GW: “Il management della Formula 1 e la FIA hanno svolto un lavoro incredibile nell’organizzare 17 gare in così poco tempo, affrontando tanti problemi logistici. È davvero stata la dimostrazione che siamo riusciti a mettere in piedi un incredibile spettacolo globale nonostante la pandemia. Sì, ci sono state delle grandi sfide e un calendario così condensato è risultato un po’ stancante, specialmente nei triple header. Ma le corse sono ciò che ci fanno alzare dal letto ogni giorno e sono felice di essere riuscito a completare un’intera stagione, mentre altri sport non hanno potuto fare altrettanto”.

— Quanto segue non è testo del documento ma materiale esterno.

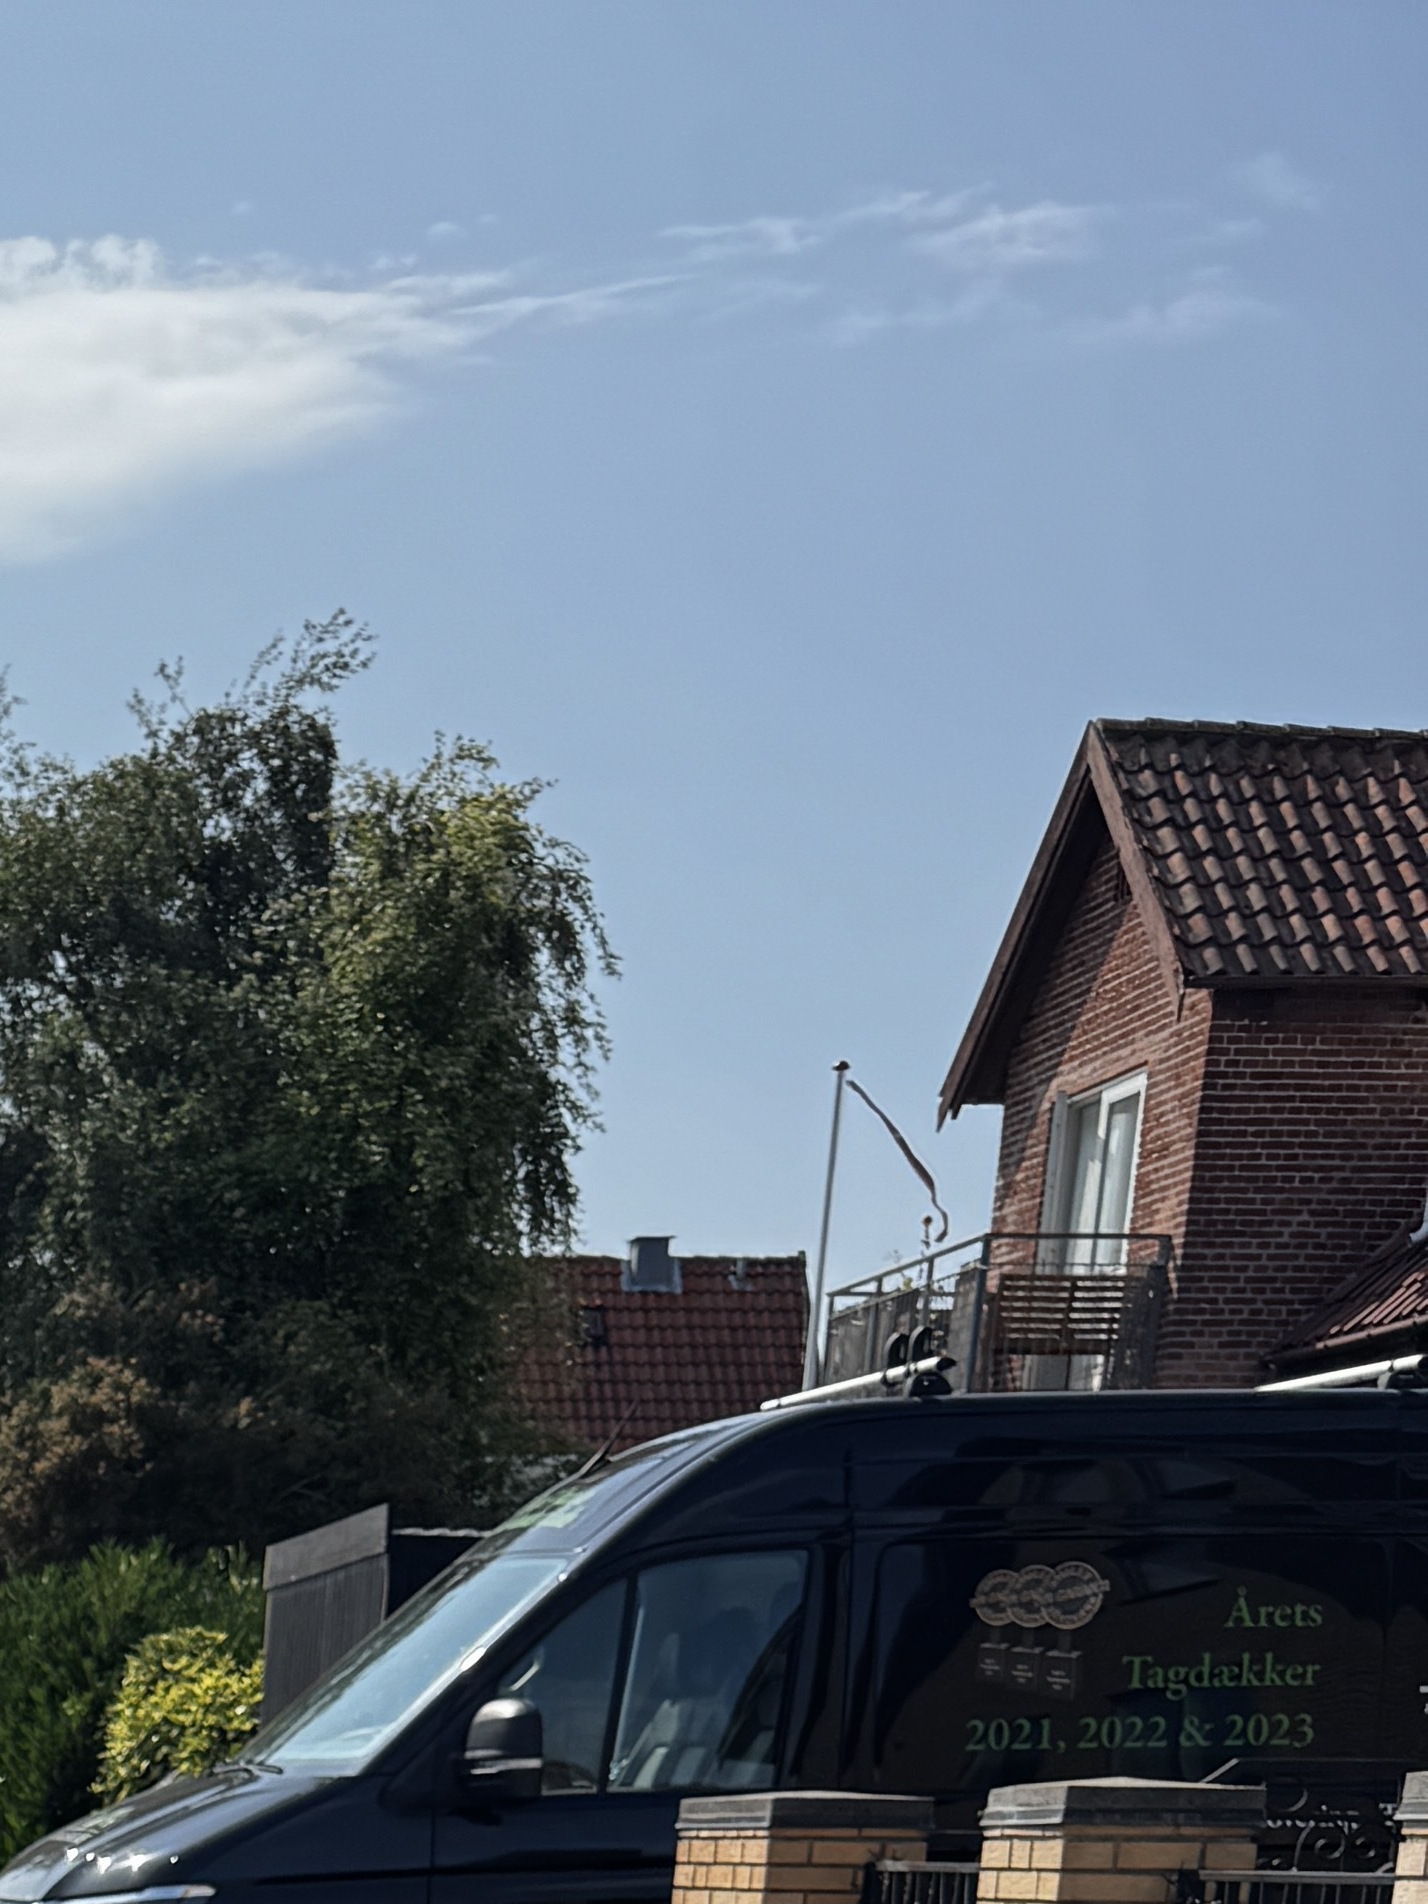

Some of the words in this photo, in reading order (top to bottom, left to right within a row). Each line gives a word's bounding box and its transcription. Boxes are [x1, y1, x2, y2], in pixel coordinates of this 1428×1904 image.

[1223, 1585, 1324, 1628] Årets
[1121, 1651, 1322, 1700] Tagdækker
[964, 1717, 1067, 1753] 2021,
[1076, 1715, 1168, 1749] 2022
[1177, 1715, 1215, 1748] &
[1222, 1712, 1315, 1749] 2023
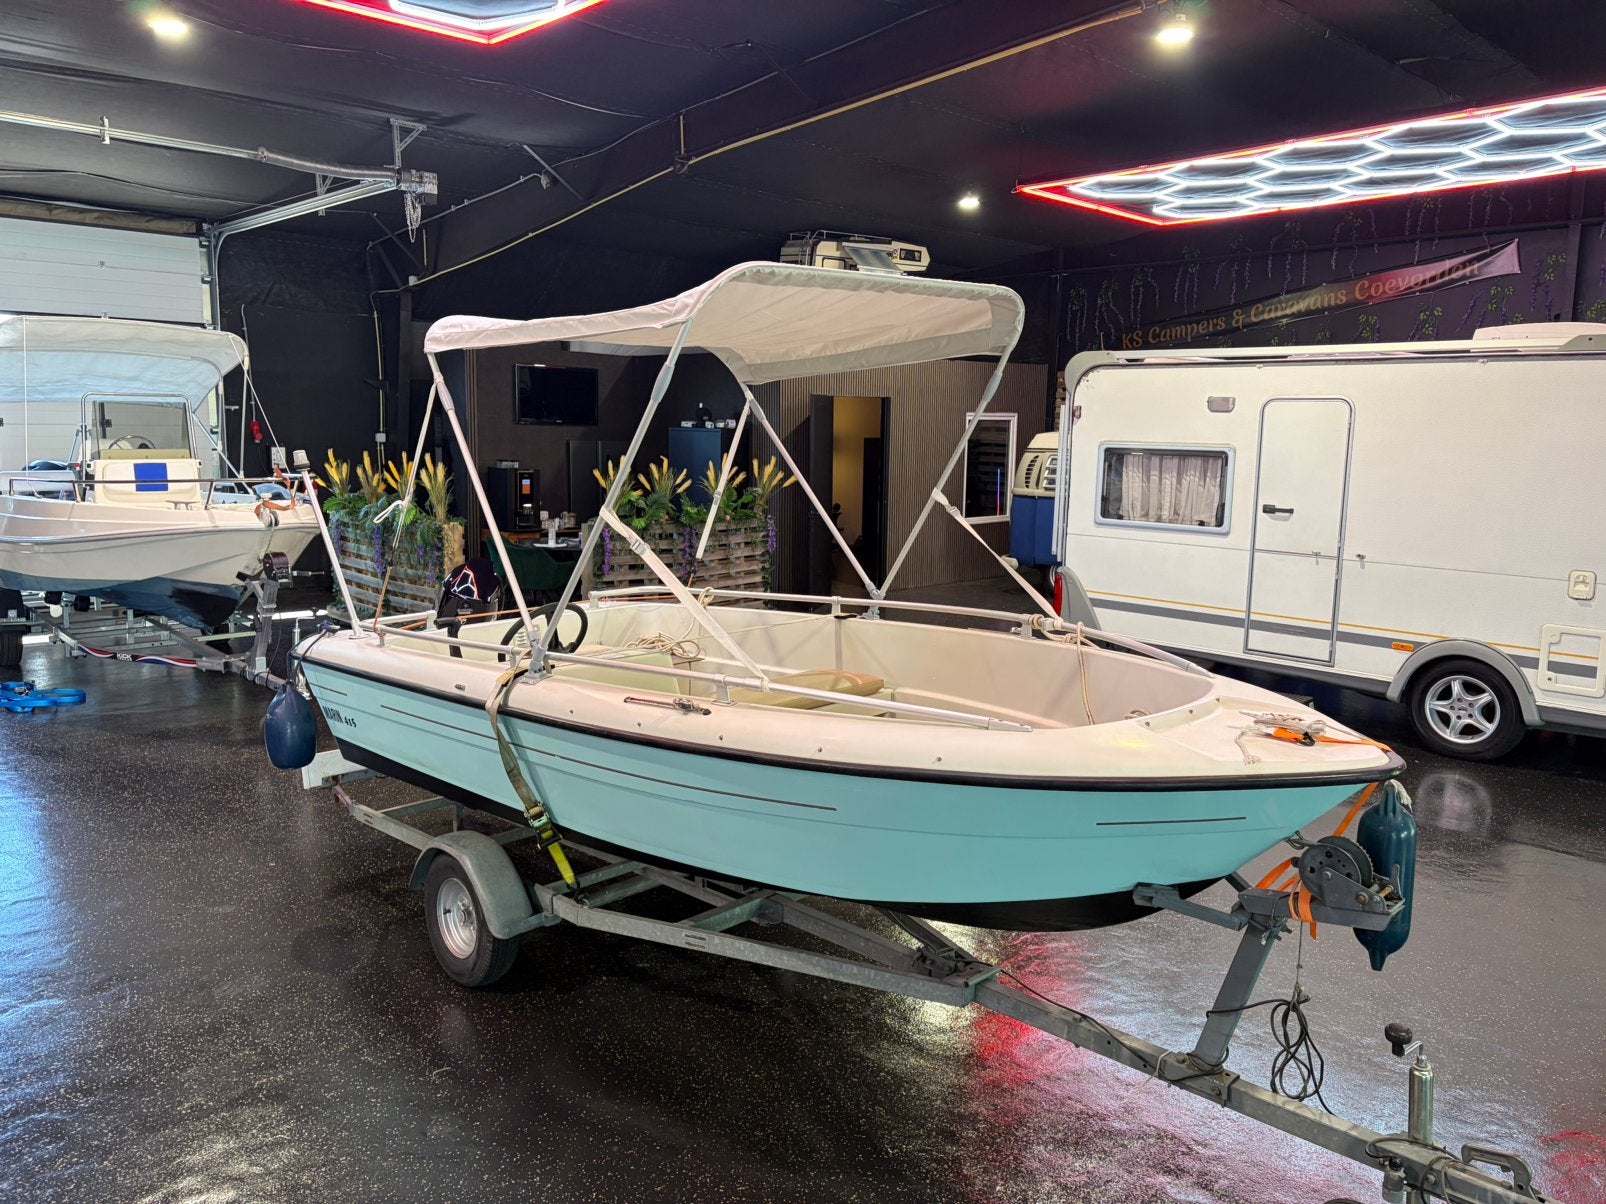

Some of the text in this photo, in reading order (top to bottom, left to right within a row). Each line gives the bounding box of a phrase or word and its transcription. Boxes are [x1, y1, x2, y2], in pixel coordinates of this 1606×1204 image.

[1122, 259, 1480, 349] KS Campers & Caravans Coevorden
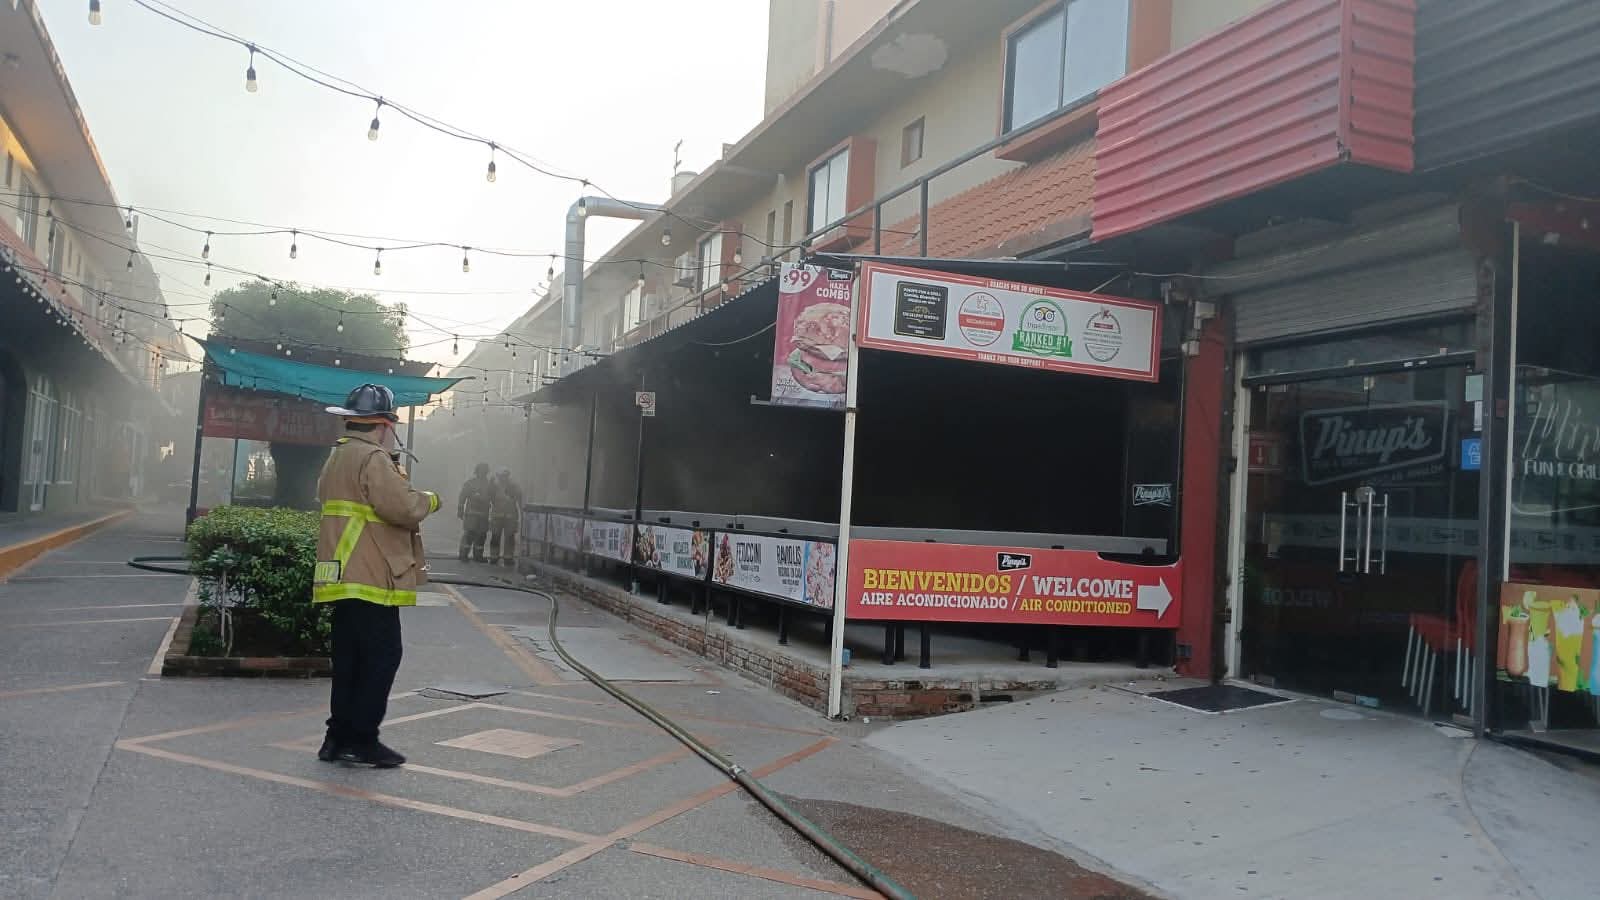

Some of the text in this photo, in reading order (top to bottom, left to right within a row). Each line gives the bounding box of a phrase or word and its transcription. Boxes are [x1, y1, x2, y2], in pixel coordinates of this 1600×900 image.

[816, 287, 850, 300] COMBO
[829, 282, 849, 290] HAZLA
[1020, 331, 1054, 346] RANKED
[1057, 335, 1067, 347] #1
[863, 568, 1011, 593] BIENVENIDOS
[1032, 575, 1134, 599] WELCOME
[860, 592, 894, 606] AIRE
[896, 593, 1008, 609] ACONDICIONADO
[1020, 599, 1042, 611] AIR
[1045, 599, 1132, 614] CONDITIONED
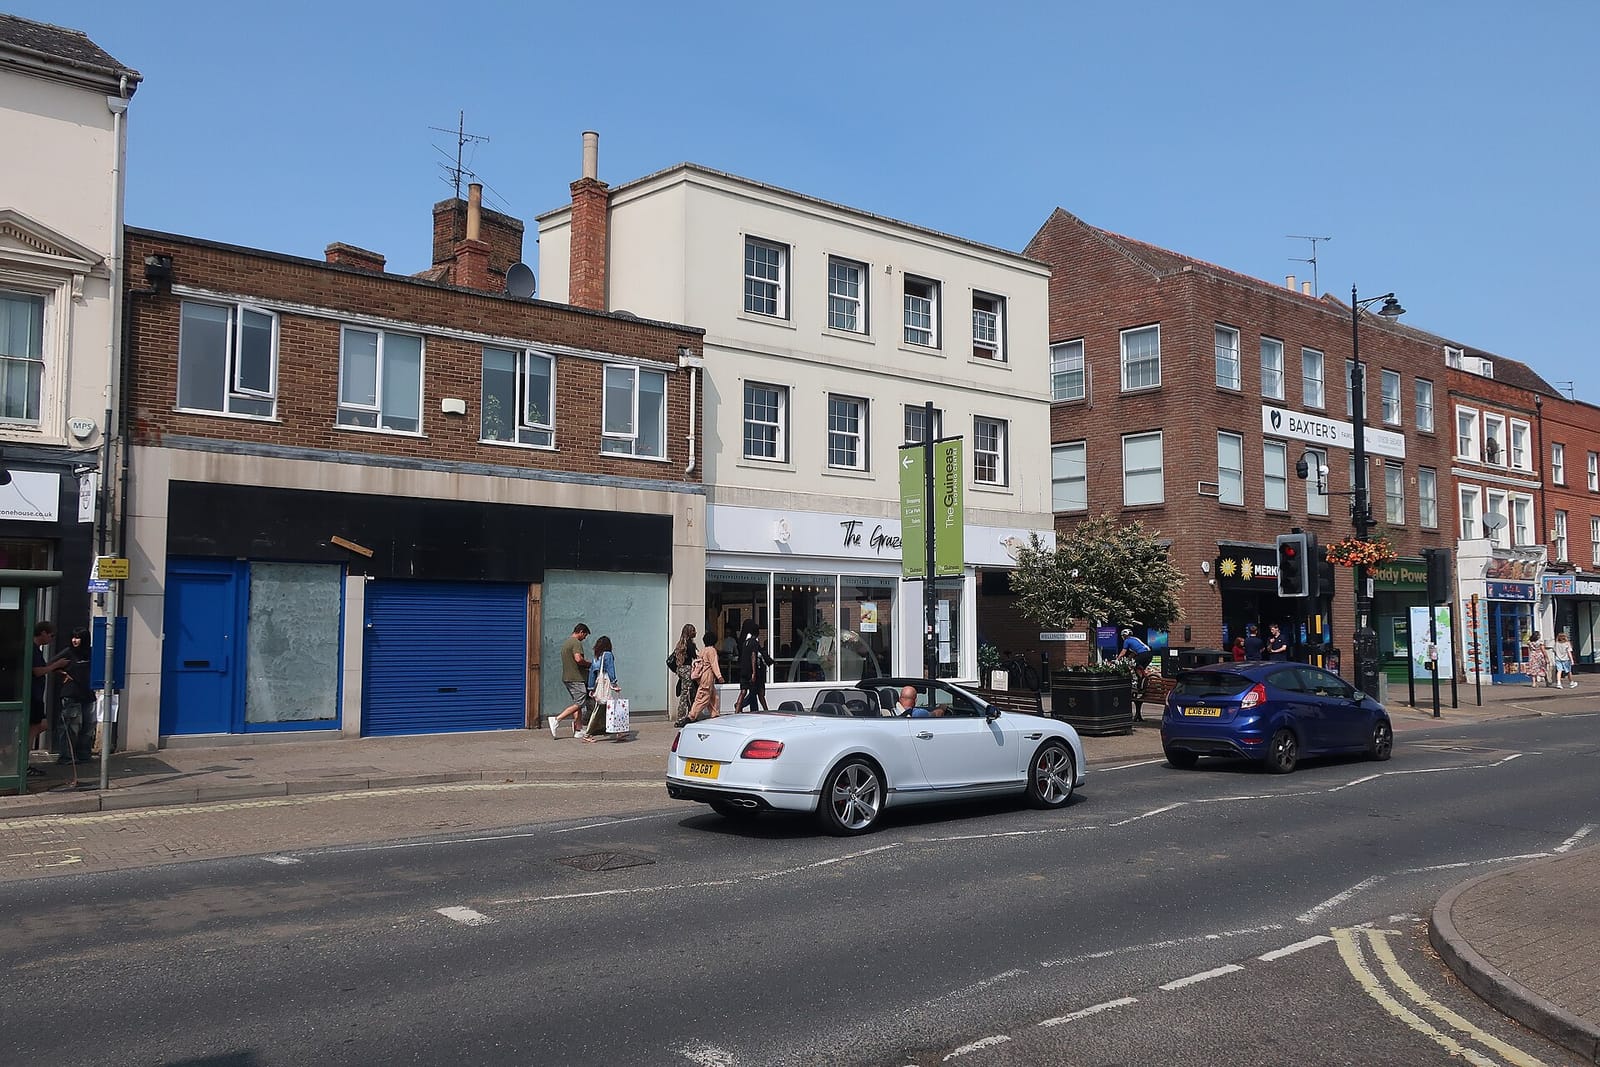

La Formula 1 ha fatto un ottimo lavoro nel tenere il virus fuori dal paddock lo scorso anno, anche se ci sono stati alcuni casi che erano – e probabilmente sono – inevitabili. Come ci si prepara a questa eventualità, ad esempio, con la crew del pit-stop, dove ogni persona ha un ruolo specifico per il quale si è esercitato centinaia di volte?

GW: “Fortunatamente nel corso del 2020 non abbiamo avuto molti casi di Covid. Tuttavia, abbiamo messo in atto una serie di misure per fronteggiare eventuali casi durante questa stagione, tra cui l’aumento di personale in grado di sostituire ogni membro indispensabile del race team. Abbiamo maggiormente bisogno di persone pronte ad agire, dietro le quinte. Così, durante la preparazione pre-stagione dei pit-stop, abbiamo preparato più persone per dare a tutti la giusta esperienza, nel caso in cui dovessero essere convocate per la squadra corse. Per tenere un team efficiente l’aspetto umano è vitale ed è importante tenere sempre alto il morale. Il Covid ha cambiato il panorama sportivo, tuttavia credo che il nostro campionato abbia affrontato molto bene le complesse sfide di questa pandemia e ha continuato a offrire un grande intrattenimento ai tifosi a casa”.